What you need to do:
All of the data must be retyped exactly, with nothing left out.

Recorded information:
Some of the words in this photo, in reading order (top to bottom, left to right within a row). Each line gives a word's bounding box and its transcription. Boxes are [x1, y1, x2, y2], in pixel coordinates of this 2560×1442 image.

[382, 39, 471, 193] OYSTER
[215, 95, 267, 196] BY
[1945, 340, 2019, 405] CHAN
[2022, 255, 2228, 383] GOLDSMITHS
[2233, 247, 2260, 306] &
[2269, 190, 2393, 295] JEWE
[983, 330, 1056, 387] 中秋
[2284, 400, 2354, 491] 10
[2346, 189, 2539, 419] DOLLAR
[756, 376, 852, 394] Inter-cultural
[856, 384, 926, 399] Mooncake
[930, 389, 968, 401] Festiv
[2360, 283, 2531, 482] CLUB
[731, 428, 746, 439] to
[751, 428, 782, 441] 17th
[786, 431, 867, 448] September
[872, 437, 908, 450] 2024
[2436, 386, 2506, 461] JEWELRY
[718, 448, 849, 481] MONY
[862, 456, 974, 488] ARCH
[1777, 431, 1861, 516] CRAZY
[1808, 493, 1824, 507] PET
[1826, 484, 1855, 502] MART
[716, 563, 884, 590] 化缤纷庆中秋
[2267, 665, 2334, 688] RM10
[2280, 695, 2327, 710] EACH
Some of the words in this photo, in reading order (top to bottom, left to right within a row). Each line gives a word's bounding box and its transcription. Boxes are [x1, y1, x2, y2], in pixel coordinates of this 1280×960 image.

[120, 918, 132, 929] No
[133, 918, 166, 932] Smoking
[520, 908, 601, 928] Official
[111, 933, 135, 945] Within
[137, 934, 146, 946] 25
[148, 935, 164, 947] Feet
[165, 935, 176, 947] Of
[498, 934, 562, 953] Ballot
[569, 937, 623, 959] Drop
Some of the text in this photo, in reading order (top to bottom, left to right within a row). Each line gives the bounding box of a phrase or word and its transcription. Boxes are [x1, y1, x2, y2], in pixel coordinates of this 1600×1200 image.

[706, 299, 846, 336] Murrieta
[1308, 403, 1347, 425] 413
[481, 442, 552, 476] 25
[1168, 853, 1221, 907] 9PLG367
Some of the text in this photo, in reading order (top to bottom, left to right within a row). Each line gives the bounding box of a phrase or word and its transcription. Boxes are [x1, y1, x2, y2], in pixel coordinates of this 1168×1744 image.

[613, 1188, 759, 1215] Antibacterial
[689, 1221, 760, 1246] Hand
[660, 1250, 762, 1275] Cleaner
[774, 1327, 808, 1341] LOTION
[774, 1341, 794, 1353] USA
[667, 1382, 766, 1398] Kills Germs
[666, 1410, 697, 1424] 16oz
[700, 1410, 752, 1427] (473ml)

Reply to the task:
Some of the words in this photo, in reading order (top to bottom, left to right within a row). Each line gives a word's bounding box and its transcription. Boxes are [x1, y1, x2, y2], in pixel coordinates of this 2560×1442 image.

[382, 39, 471, 193] OYSTER
[215, 95, 267, 196] BY
[1945, 340, 2019, 405] CHAN
[2022, 255, 2228, 383] GOLDSMITHS
[2233, 247, 2260, 306] &
[2269, 190, 2393, 295] JEWE
[983, 330, 1056, 387] 中秋
[2284, 400, 2354, 491] 10
[2346, 189, 2539, 419] DOLLAR
[756, 376, 852, 394] Inter-cultural
[856, 384, 926, 399] Mooncake
[930, 389, 968, 401] Festiv
[2360, 283, 2531, 482] CLUB
[731, 428, 746, 439] to
[751, 428, 782, 441] 17th
[786, 431, 867, 448] September
[872, 437, 908, 450] 2024
[2436, 386, 2506, 461] JEWELRY
[718, 448, 849, 481] MONY
[862, 456, 974, 488] ARCH
[1777, 431, 1861, 516] CRAZY
[1808, 493, 1824, 507] PET
[1826, 484, 1855, 502] MART
[716, 563, 884, 590] 化缤纷庆中秋
[2267, 665, 2334, 688] RM10
[2280, 695, 2327, 710] EACH
Some of the words in this photo, in reading order (top to bottom, left to right within a row). Each line gives a word's bounding box and its transcription. Boxes are [x1, y1, x2, y2], in pixel coordinates of this 1280×960 image.

[120, 918, 132, 929] No
[133, 918, 166, 932] Smoking
[520, 908, 601, 928] Official
[111, 933, 135, 945] Within
[137, 934, 146, 946] 25
[148, 935, 164, 947] Feet
[165, 935, 176, 947] Of
[498, 934, 562, 953] Ballot
[569, 937, 623, 959] Drop
Some of the text in this photo, in reading order (top to bottom, left to right within a row). Each line gives the bounding box of a phrase or word and its transcription. Boxes are [x1, y1, x2, y2], in pixel coordinates of this 1600×1200 image.

[706, 299, 846, 336] Murrieta
[1308, 403, 1347, 425] 413
[481, 442, 552, 476] 25
[1168, 853, 1221, 907] 9PLG367
Some of the text in this photo, in reading order (top to bottom, left to right within a row). Each line gives the bounding box of a phrase or word and its transcription. Boxes are [x1, y1, x2, y2], in pixel coordinates of this 1168×1744 image.

[613, 1188, 759, 1215] Antibacterial
[689, 1221, 760, 1246] Hand
[660, 1250, 762, 1275] Cleaner
[774, 1327, 808, 1341] LOTION
[774, 1341, 794, 1353] USA
[667, 1382, 766, 1398] Kills Germs
[666, 1410, 697, 1424] 16oz
[700, 1410, 752, 1427] (473ml)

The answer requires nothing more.